The performance of the UK manufacturing sector is one of the key indicators of the health of the UK economy as a whole. To what extent is the current stagnant growth in that sector a result of the impending EU referendum?

The Markit/CIPS manufacturing Purchasing Managers’ Index fell to 49.4 in April 2016, its lowest level since early 2013. The index measures the growth in the manufacturing sector; a figure of less than 50 indicates that the sector is in recession. The index recovered to 50.1 in May, however, many are concerned that the manufacturing sector is currently at a standstill.

The sector also remains below its pre-crises peaks, unlike other sectors (such as the services sector) which are now well above their pre-2008 level. Recession or stagnation within the sector is a troubling sign, given that manufacturing accounts for approximately 10% of the UK’s GDP, meaning that it can act as a drag on wider economic growth, increasing the pressure on the service sector to drive overall growth. In headline cases such as the collapse of SSI, mass redundancies can have a devastating impact on a particular geographical area which can take years to recover from, as well as the inevitable impact on dependent suppliers.
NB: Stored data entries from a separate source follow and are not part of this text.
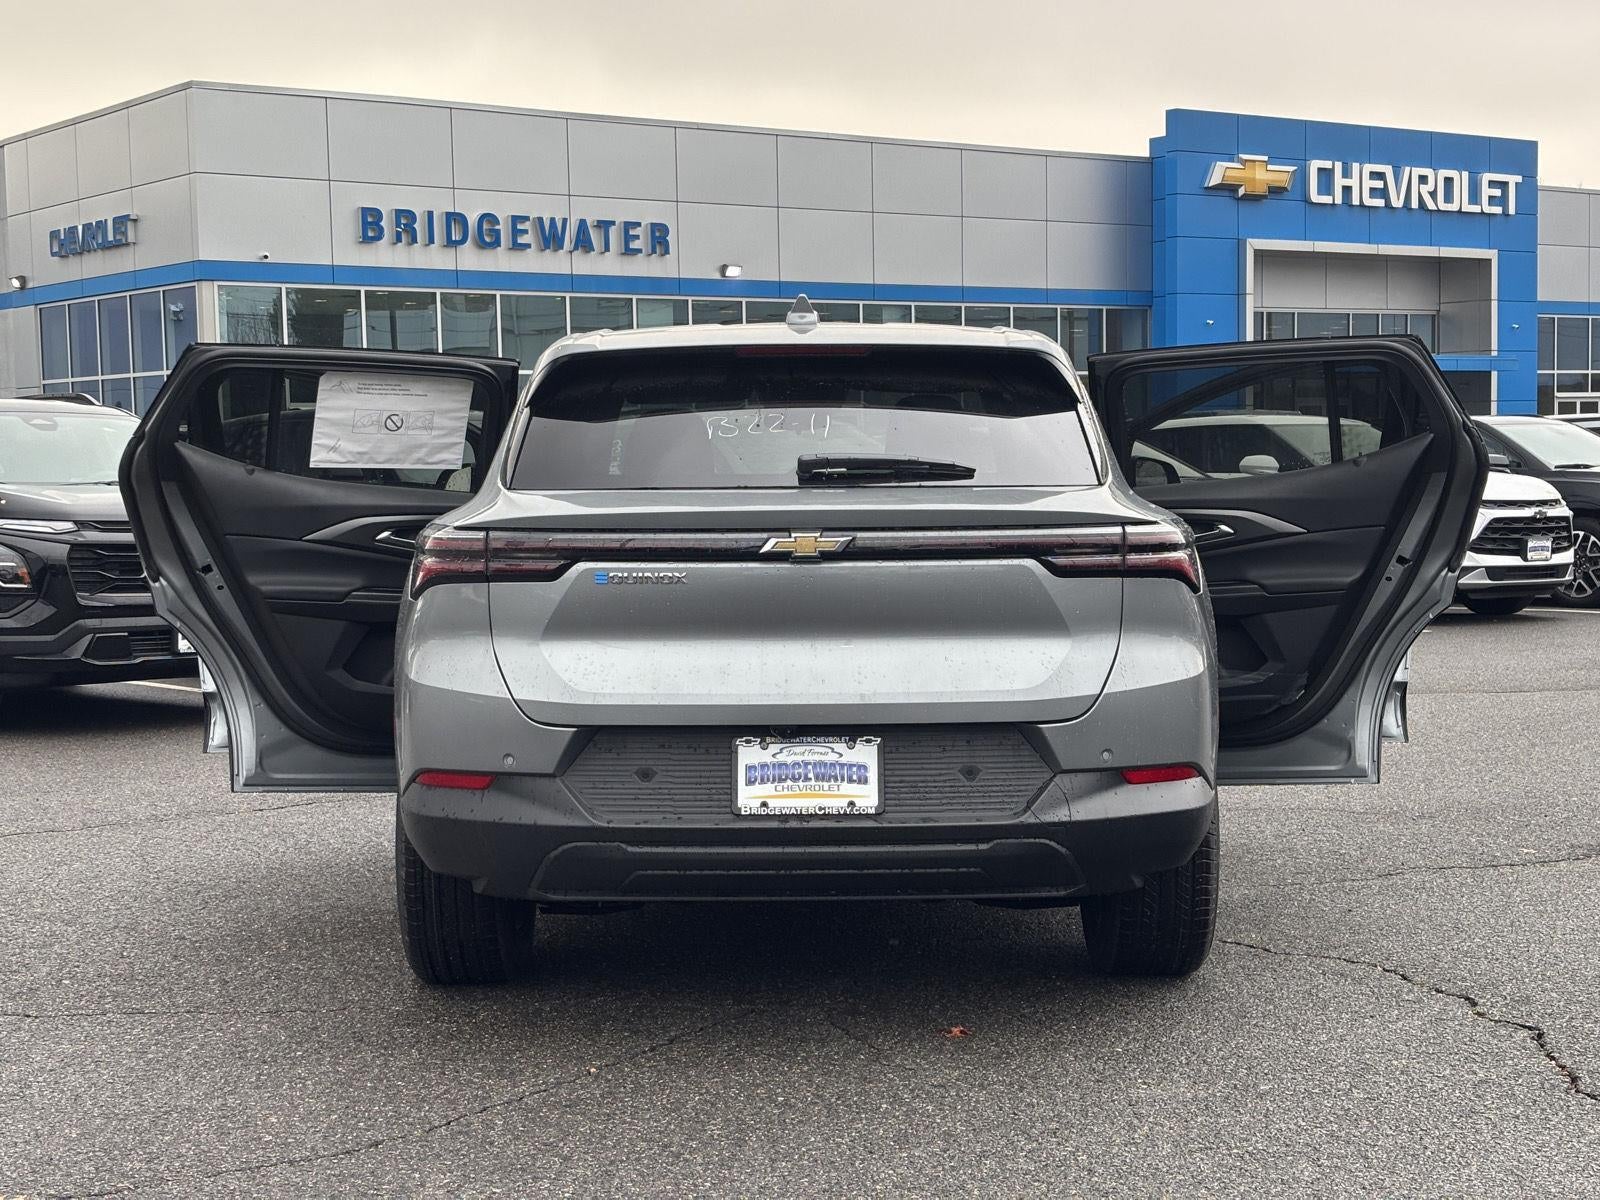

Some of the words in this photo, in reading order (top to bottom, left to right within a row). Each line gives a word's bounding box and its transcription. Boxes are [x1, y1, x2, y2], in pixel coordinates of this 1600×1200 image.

[1308, 159, 1522, 215] CHEVROLET
[49, 213, 138, 257] CHEVROLET
[357, 206, 671, 256] BRIDGEWATER
[594, 570, 688, 585] EQUINOX
[745, 760, 870, 786] BRIDGEWATER
[774, 784, 842, 792] CHEVROLET
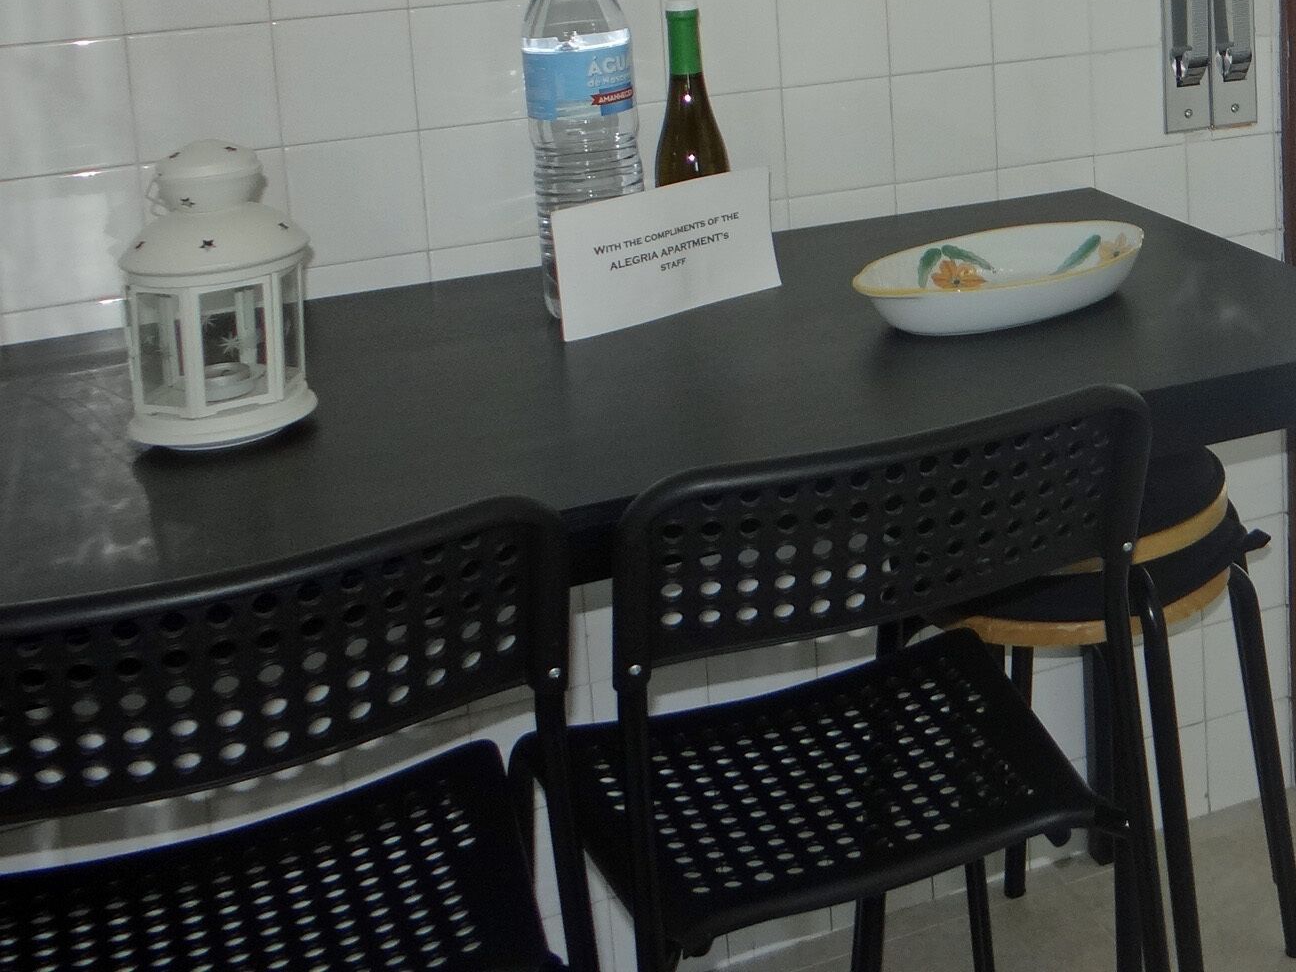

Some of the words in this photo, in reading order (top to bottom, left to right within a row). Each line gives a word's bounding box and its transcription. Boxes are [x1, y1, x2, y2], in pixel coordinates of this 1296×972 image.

[593, 242, 622, 256] WITH
[623, 236, 643, 249] THE
[644, 220, 706, 244] COMPLIMENTS
[707, 216, 720, 226] OF
[721, 212, 739, 223] THE
[609, 251, 659, 271] ALEGRIA
[660, 258, 687, 272] STAFF
Some of the sector’s problems have been reasonably long-standing, such as the strong pound making UK investment from overseas investors less appealing, as well as making UK exports more expensive for overseas buyers. In addition, manufacturers who supply products to the oil sector have been affected by the decreased demand from that sector due to the low price of crude.
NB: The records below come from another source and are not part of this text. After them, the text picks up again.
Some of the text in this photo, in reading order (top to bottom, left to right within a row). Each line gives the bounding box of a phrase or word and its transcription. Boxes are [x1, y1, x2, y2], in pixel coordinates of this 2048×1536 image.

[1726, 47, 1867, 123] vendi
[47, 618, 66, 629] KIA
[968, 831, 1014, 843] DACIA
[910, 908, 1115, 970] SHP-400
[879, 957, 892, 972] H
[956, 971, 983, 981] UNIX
However, one issue in particular is often cited by manufacturers as impacting on their business – the looming EU referendum.

A survey by Markit found that approximately one third of UK manufacturers surveyed believed that uncertainty over a possible Brexit has had an impact on their business, with 8% of respondents of the view that the impact was “strongly detrimental”.

Squire Patton Boggs’s annual Manufacturing report found that 83% of respondents wanted to see the UK remain part of the EU, with many citing the fact that the EU remains UK manufacturers’ largest single trading partner.

In the event of a Brexit, manufacturers may have to contend with (1) volatile currency markets, (2) the possibility that certain countries may put trade barriers in place for UK goods and (3) that some buyers within the EU may choose to buy their goods from a supplier within the EU rather than continue to use a supplier outside of the EU structure. Those uncertainties may have caused manufacturers to put their investment and hiring decisions on hold pending the outcome of the referendum and any resulting fallout. In addition, overseas customers may be holding off placing large orders with UK manufacturers until the outcome of the referendum (and therefore the basis on which they trade with those manufacturers) is known.

It is easy to see how potential risks such as those cited above are leading to considerable uncertainty within the sector, with the inevitable impact on output. However, whether the upcoming referendum is in fact having a significant impact on the manufacturing sector will only be known following further analysis in 6 or 12 months’ time. In the event that the outcome is to Bremain and the sector does not pick up, then it would appear that the  sector is being affected more by underlying issues such as currency strength and overall demand, as opposed to uncertainty about the UK’s future relationship with the EU.